What needs to be done -
Print the listing once more, exactly as written.

● ● ●

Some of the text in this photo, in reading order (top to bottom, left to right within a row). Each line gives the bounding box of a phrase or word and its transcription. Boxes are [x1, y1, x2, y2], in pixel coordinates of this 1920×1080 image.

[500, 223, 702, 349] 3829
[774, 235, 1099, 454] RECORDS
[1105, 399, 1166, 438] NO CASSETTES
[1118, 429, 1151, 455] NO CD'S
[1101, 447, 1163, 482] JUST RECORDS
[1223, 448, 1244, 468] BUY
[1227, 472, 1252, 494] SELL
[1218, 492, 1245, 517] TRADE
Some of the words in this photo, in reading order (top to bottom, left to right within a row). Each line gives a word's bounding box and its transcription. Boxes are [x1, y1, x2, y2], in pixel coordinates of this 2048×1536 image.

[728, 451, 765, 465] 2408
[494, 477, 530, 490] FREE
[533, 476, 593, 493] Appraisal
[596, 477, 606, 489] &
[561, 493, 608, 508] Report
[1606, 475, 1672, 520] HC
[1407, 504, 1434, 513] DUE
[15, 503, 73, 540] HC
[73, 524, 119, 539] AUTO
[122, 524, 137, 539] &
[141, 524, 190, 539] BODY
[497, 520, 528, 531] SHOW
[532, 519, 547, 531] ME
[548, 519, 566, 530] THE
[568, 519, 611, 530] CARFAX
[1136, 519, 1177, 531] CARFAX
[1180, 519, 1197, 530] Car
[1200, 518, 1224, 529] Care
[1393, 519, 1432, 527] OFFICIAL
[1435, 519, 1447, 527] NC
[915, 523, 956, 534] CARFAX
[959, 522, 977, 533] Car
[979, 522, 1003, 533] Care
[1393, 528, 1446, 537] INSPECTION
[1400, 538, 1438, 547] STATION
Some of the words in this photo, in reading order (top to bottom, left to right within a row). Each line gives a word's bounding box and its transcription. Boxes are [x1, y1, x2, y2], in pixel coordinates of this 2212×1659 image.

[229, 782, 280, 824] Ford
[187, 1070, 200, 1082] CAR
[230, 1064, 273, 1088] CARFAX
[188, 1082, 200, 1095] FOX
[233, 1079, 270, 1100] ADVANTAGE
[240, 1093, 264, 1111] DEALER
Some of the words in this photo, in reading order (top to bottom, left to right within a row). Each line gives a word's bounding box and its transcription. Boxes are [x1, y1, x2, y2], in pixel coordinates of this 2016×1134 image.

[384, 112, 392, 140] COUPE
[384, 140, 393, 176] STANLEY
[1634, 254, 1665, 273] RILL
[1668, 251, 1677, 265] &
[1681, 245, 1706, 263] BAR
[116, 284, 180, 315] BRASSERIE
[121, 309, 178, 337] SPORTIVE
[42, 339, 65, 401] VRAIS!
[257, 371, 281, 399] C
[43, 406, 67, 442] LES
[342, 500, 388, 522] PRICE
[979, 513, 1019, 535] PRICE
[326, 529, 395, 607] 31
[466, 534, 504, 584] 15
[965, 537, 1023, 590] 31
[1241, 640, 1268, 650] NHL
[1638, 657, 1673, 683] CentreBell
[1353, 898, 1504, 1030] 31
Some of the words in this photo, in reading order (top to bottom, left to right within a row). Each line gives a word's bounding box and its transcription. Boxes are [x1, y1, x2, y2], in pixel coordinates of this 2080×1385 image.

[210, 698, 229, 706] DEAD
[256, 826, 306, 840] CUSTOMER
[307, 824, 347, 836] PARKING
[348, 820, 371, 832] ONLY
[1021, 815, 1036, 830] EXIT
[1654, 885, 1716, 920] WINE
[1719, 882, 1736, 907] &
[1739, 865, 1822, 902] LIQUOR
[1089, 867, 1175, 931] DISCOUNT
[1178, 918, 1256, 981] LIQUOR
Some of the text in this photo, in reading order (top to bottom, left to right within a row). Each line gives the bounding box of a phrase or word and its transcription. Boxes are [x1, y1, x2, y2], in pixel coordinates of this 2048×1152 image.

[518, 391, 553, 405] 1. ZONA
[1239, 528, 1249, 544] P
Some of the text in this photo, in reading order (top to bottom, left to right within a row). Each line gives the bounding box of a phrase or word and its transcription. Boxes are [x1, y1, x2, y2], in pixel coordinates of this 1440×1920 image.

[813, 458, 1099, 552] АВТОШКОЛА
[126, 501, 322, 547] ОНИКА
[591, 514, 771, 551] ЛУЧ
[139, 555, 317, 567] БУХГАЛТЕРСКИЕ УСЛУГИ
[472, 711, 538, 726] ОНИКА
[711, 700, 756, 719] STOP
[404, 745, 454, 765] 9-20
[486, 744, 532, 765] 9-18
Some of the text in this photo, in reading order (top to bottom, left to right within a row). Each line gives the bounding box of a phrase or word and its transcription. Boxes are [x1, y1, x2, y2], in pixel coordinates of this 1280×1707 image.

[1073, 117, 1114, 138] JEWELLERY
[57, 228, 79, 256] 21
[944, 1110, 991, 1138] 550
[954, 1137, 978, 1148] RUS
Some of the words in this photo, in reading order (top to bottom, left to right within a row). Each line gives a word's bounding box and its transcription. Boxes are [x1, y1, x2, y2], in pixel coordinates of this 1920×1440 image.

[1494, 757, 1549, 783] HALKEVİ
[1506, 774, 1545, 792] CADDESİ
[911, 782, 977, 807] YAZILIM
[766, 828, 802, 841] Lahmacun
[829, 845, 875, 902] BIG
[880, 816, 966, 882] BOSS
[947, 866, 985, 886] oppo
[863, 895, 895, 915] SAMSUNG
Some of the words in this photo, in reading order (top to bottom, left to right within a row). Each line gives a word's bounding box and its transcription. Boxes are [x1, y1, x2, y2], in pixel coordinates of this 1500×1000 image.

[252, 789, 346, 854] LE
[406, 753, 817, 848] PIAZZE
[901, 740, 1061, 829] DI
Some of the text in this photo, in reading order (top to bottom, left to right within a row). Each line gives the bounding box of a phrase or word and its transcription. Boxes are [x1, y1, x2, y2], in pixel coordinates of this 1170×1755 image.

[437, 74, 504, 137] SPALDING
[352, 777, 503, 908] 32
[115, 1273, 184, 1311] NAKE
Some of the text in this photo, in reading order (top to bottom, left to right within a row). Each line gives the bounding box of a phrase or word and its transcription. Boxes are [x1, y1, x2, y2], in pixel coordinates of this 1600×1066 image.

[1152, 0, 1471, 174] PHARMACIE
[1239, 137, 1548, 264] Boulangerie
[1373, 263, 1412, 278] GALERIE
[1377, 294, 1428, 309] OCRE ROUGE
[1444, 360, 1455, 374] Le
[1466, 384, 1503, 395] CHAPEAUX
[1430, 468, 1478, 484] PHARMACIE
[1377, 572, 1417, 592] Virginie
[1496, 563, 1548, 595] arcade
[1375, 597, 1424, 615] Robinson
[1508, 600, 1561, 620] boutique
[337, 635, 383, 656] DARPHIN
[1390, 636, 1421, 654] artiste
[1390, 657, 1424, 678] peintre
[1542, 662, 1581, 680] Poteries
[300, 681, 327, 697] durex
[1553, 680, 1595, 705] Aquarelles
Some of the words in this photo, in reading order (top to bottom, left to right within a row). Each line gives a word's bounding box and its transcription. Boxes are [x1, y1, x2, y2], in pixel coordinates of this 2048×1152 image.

● ● ●

Task answer -
Some of the text in this photo, in reading order (top to bottom, left to right within a row). Each line gives the bounding box of a phrase or word and its transcription. Boxes are [x1, y1, x2, y2], in pixel coordinates of this 1920×1080 image.

[500, 223, 702, 349] 3829
[774, 235, 1099, 454] RECORDS
[1105, 399, 1166, 438] NO CASSETTES
[1118, 429, 1151, 455] NO CD'S
[1101, 447, 1163, 482] JUST RECORDS
[1223, 448, 1244, 468] BUY
[1227, 472, 1252, 494] SELL
[1218, 492, 1245, 517] TRADE
Some of the words in this photo, in reading order (top to bottom, left to right within a row). Each line gives a word's bounding box and its transcription. Boxes are [x1, y1, x2, y2], in pixel coordinates of this 2048×1536 image.

[728, 451, 765, 465] 2408
[494, 477, 530, 490] FREE
[533, 476, 593, 493] Appraisal
[596, 477, 606, 489] &
[561, 493, 608, 508] Report
[1606, 475, 1672, 520] HC
[1407, 504, 1434, 513] DUE
[15, 503, 73, 540] HC
[73, 524, 119, 539] AUTO
[122, 524, 137, 539] &
[141, 524, 190, 539] BODY
[497, 520, 528, 531] SHOW
[532, 519, 547, 531] ME
[548, 519, 566, 530] THE
[568, 519, 611, 530] CARFAX
[1136, 519, 1177, 531] CARFAX
[1180, 519, 1197, 530] Car
[1200, 518, 1224, 529] Care
[1393, 519, 1432, 527] OFFICIAL
[1435, 519, 1447, 527] NC
[915, 523, 956, 534] CARFAX
[959, 522, 977, 533] Car
[979, 522, 1003, 533] Care
[1393, 528, 1446, 537] INSPECTION
[1400, 538, 1438, 547] STATION
Some of the words in this photo, in reading order (top to bottom, left to right within a row). Each line gives a word's bounding box and its transcription. Boxes are [x1, y1, x2, y2], in pixel coordinates of this 2212×1659 image.

[229, 782, 280, 824] Ford
[187, 1070, 200, 1082] CAR
[230, 1064, 273, 1088] CARFAX
[188, 1082, 200, 1095] FOX
[233, 1079, 270, 1100] ADVANTAGE
[240, 1093, 264, 1111] DEALER
Some of the words in this photo, in reading order (top to bottom, left to right within a row). Each line gives a word's bounding box and its transcription. Boxes are [x1, y1, x2, y2], in pixel coordinates of this 2016×1134 image.

[384, 112, 392, 140] COUPE
[384, 140, 393, 176] STANLEY
[1634, 254, 1665, 273] RILL
[1668, 251, 1677, 265] &
[1681, 245, 1706, 263] BAR
[116, 284, 180, 315] BRASSERIE
[121, 309, 178, 337] SPORTIVE
[42, 339, 65, 401] VRAIS!
[257, 371, 281, 399] C
[43, 406, 67, 442] LES
[342, 500, 388, 522] PRICE
[979, 513, 1019, 535] PRICE
[326, 529, 395, 607] 31
[466, 534, 504, 584] 15
[965, 537, 1023, 590] 31
[1241, 640, 1268, 650] NHL
[1638, 657, 1673, 683] CentreBell
[1353, 898, 1504, 1030] 31
Some of the words in this photo, in reading order (top to bottom, left to right within a row). Each line gives a word's bounding box and its transcription. Boxes are [x1, y1, x2, y2], in pixel coordinates of this 2080×1385 image.

[210, 698, 229, 706] DEAD
[256, 826, 306, 840] CUSTOMER
[307, 824, 347, 836] PARKING
[348, 820, 371, 832] ONLY
[1021, 815, 1036, 830] EXIT
[1654, 885, 1716, 920] WINE
[1719, 882, 1736, 907] &
[1739, 865, 1822, 902] LIQUOR
[1089, 867, 1175, 931] DISCOUNT
[1178, 918, 1256, 981] LIQUOR
Some of the text in this photo, in reading order (top to bottom, left to right within a row). Each line gives the bounding box of a phrase or word and its transcription. Boxes are [x1, y1, x2, y2], in pixel coordinates of this 2048×1152 image.

[518, 391, 553, 405] 1. ZONA
[1239, 528, 1249, 544] P
Some of the text in this photo, in reading order (top to bottom, left to right within a row). Each line gives the bounding box of a phrase or word and its transcription. Boxes are [x1, y1, x2, y2], in pixel coordinates of this 1440×1920 image.

[813, 458, 1099, 552] АВТОШКОЛА
[126, 501, 322, 547] ОНИКА
[591, 514, 771, 551] ЛУЧ
[139, 555, 317, 567] БУХГАЛТЕРСКИЕ УСЛУГИ
[472, 711, 538, 726] ОНИКА
[711, 700, 756, 719] STOP
[404, 745, 454, 765] 9-20
[486, 744, 532, 765] 9-18
Some of the text in this photo, in reading order (top to bottom, left to right within a row). Each line gives the bounding box of a phrase or word and its transcription. Boxes are [x1, y1, x2, y2], in pixel coordinates of this 1280×1707 image.

[1073, 117, 1114, 138] JEWELLERY
[57, 228, 79, 256] 21
[944, 1110, 991, 1138] 550
[954, 1137, 978, 1148] RUS
Some of the words in this photo, in reading order (top to bottom, left to right within a row). Each line gives a word's bounding box and its transcription. Boxes are [x1, y1, x2, y2], in pixel coordinates of this 1920×1440 image.

[1494, 757, 1549, 783] HALKEVİ
[1506, 774, 1545, 792] CADDESİ
[911, 782, 977, 807] YAZILIM
[766, 828, 802, 841] Lahmacun
[829, 845, 875, 902] BIG
[880, 816, 966, 882] BOSS
[947, 866, 985, 886] oppo
[863, 895, 895, 915] SAMSUNG
Some of the words in this photo, in reading order (top to bottom, left to right within a row). Each line gives a word's bounding box and its transcription. Boxes are [x1, y1, x2, y2], in pixel coordinates of this 1500×1000 image.

[252, 789, 346, 854] LE
[406, 753, 817, 848] PIAZZE
[901, 740, 1061, 829] DI
Some of the text in this photo, in reading order (top to bottom, left to right within a row). Each line gives the bounding box of a phrase or word and its transcription. Boxes are [x1, y1, x2, y2], in pixel coordinates of this 1170×1755 image.

[437, 74, 504, 137] SPALDING
[352, 777, 503, 908] 32
[115, 1273, 184, 1311] NAKE
Some of the text in this photo, in reading order (top to bottom, left to right within a row). Each line gives the bounding box of a phrase or word and its transcription. Boxes are [x1, y1, x2, y2], in pixel coordinates of this 1600×1066 image.

[1152, 0, 1471, 174] PHARMACIE
[1239, 137, 1548, 264] Boulangerie
[1373, 263, 1412, 278] GALERIE
[1377, 294, 1428, 309] OCRE ROUGE
[1444, 360, 1455, 374] Le
[1466, 384, 1503, 395] CHAPEAUX
[1430, 468, 1478, 484] PHARMACIE
[1377, 572, 1417, 592] Virginie
[1496, 563, 1548, 595] arcade
[1375, 597, 1424, 615] Robinson
[1508, 600, 1561, 620] boutique
[337, 635, 383, 656] DARPHIN
[1390, 636, 1421, 654] artiste
[1390, 657, 1424, 678] peintre
[1542, 662, 1581, 680] Poteries
[300, 681, 327, 697] durex
[1553, 680, 1595, 705] Aquarelles
Some of the words in this photo, in reading order (top to bottom, left to right within a row). Each line gives a word's bounding box and its transcription. Boxes are [x1, y1, x2, y2], in pixel coordinates of this 2048×1152 image.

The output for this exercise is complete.